28 Die Störungen des Dienstbetriebes und Vertrauensverluste ergeben sich auch aus der Aktennotiz des Kompaniechefs vom 7. Oktober ..., in der es unter Bezugnahme auf die Vernehmungen des Antragstellers, der Zeugin B., des Zeugen M. sowie eines weiteren Zeugen heißt:
„Das Vertrauensverhältnis zwischen Hauptfeldwebel ... und mir ist durch die Verhaltensweise des Hauptfeldwebels ... im Einsatz und im Heimatstandort im Umgang mit Untergebenen zerstört und kann aus meiner Sicht nicht wieder hergestellt werden. Untergebene mit abfälligen Bemerkungen zu Arbeitsergebnissen zu betiteln und dabei teilweise beleidigend zu werden, als auch unterstellte Soldaten aus der Ebene der Unteroffiziere ohne Portepee und der Mannschaften ‚spaßig gemeinte’ Schläge auf den Hinterkopf zu erteilen, disqualifiziert Hauptfeldwebel ... charakterlich für den Dienstposten eines Kompaniefeldwebels aus meiner Sicht eindeutig.“

29 Auch der Kommandeur des L...Btl KFOR, Oberstleutnant K., hat in seiner Stellungnahme vom 9. Oktober ... zum Antrag auf vorzeitige Beendigung der Kommandierung ausgeführt:
„Ich stelle nach meinen Gesprächen fest, dass eine vertrauensvolle Zusammenarbeit zwischen dem Kompaniechef und dem Kompaniefeldwebel nicht mehr gewährleistet ist ...“

30 Die dargelegten Umstände reichen aus, um ein dienstliches Bedürfnis für die vorzeitige Beendigung der Kommandierung des Antragstellers zu begründen. Dabei käme es nach der ständigen Rechtsprechung des Senats im Übrigen nicht darauf an, wer an der Entstehung der Störungen, Spannungen oder des Vertrauensverlusts „schuld“ ist, bzw. ob daran einem der Beteiligten überhaupt eine „Schuld“ im Rechtssinne zugewiesen werden kann oder ob die objektiv gegebenen Störungen, Spannungen und Vertrauensverluste auf Gründe zurückzuführen sind, die sich der Zuweisung von „Schuld“ entziehen (stRspr, vgl. u.a. Beschlüsse vom 30. Januar 1996 - BVerwG 1 WB 70.95 - Buchholz 236.1 § 3 SG Nr. 8 und vom 27. Juli 2006 - BVerwG 1 WB 22.06 - m.w.N.). Für eine Wegversetzung genügt es vielmehr, dass der von dieser Maßnahme betroffene Soldat an den entstandenen Störungen und Vertrauensverlusten beteiligt war (Beschluss vom 10. März 1998 - BVerwG 1 WB 58.97 -). Dass dies hier objektiv der Fall war, wird vom Antragsteller nicht substantiiert bestritten. Es kommt hinzu, dass er bei seiner Vernehmung durch den Kompaniechef nicht ausgeschlossen hat, die ihm untergebene Frau B. in der bezeichneten Weise angesprochen und gegebenenfalls auch mit einem zusammengerollten Vorgang auf den Kopf geschlagen zu haben; er könne sich nur nicht erinnern, dass dies am 22. September ... der Fall gewesen sein solle.

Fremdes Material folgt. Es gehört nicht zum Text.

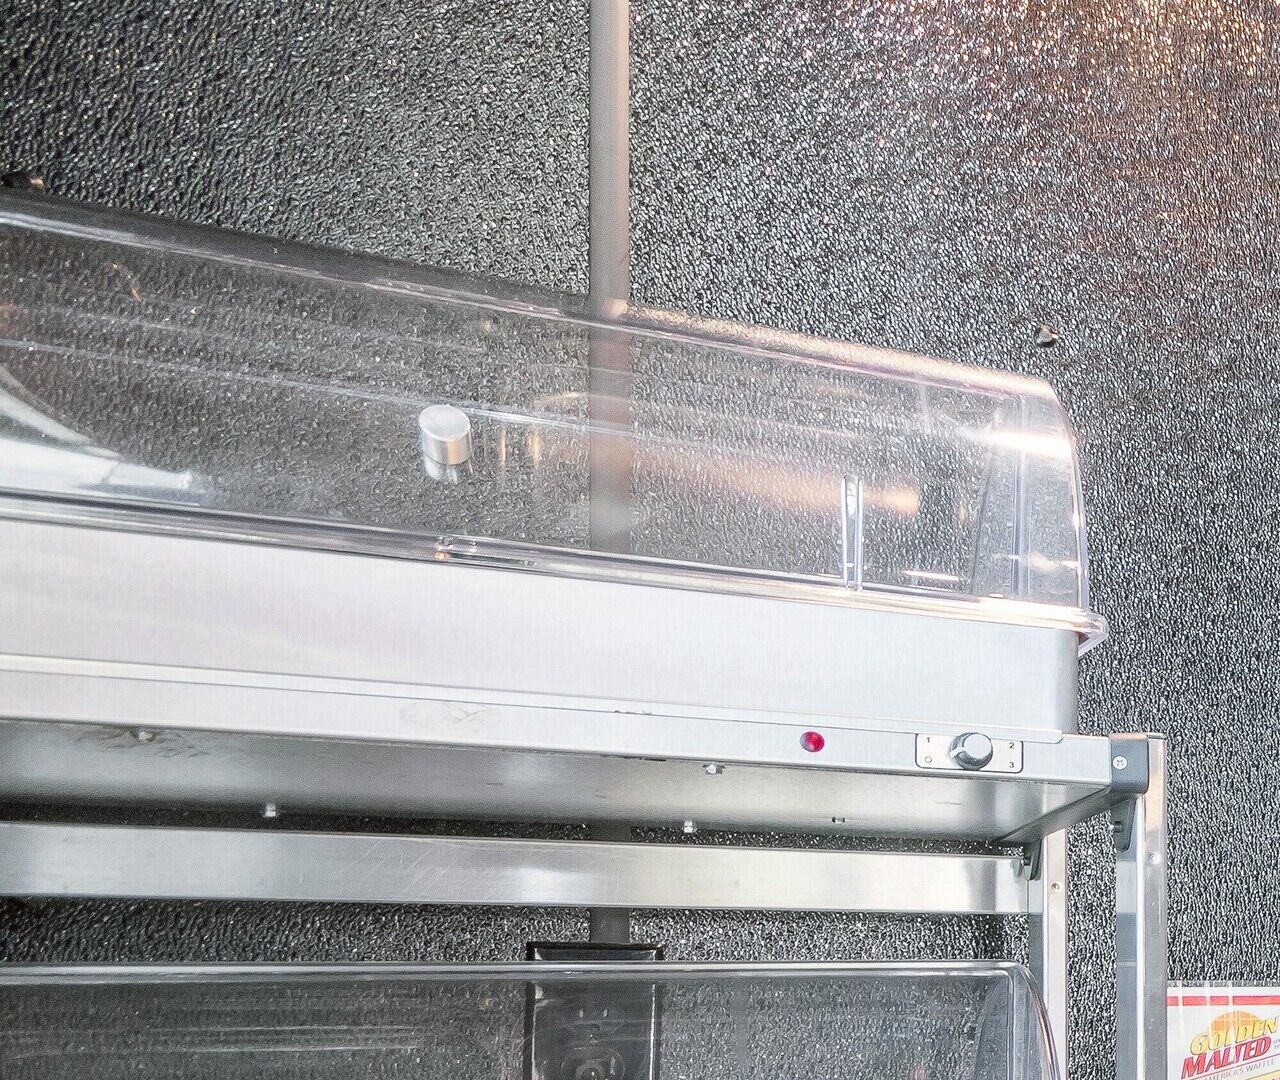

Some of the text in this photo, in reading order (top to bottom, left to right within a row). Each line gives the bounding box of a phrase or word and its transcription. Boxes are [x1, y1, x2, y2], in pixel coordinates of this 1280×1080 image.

[1190, 1016, 1279, 1055] GOLDEN
[1181, 1036, 1272, 1080] MALTED
[1246, 1059, 1275, 1073] WAFFLE

31 Dem Umstand, dass der Befehlshaber Einsatzführungskommando der Bundeswehr in seinem Beschwerdebescheid abweichend von der Begründung der angefochtenen Verfügung des Kommandeurs ... Deutsches Einsatzkontingent KFOR ausgeführt hat, maßgeblicher Grund für die vorzeitige Beendigung der Kommandierung seien Fürsorgegründe, kommt keine rechtliche Bedeutung zu. Maßgeblich für die gerichtliche Überprüfung der Ermessensentscheidung sind allein die sich aus der letzten Beschwerdeentscheidung ergebenden Gesichtspunkte, weil die dem gerichtlichen Verfahren vorausgehenden verwaltungsinternen Beschwerdeverfahren gerade auch der Überprüfung der Ermessensausübung unter Rechts- und Zweckmäßigkeitsgesichtspunkten dienen sollen (vgl. für das Vorverfahren der VwGO: Kopp/Schenke, VwGO, 14. Aufl. 2005, § 79 Rn. 1 m.w.N.).

32 Anhaltspunkte dafür, dass das in Nr. 8, 9, 20 und 21 der Versetzungsrichtlinien geregelte Verfahren nicht eingehalten worden wäre, sind nicht ersichtlich. Insbesondere ist der Antrag des Disziplinarvorgesetzten dem Antragsteller im Entwurf bekanntgegeben worden. Von der Möglichkeit zu einer Stellungnahme hat er aber keinen Gebrauch gemacht. Der Antrag war auch ausreichend begründet (vgl. dazu Beschluss vom 27. Juli 2006 - BVerwG 1 WB 22.06 -).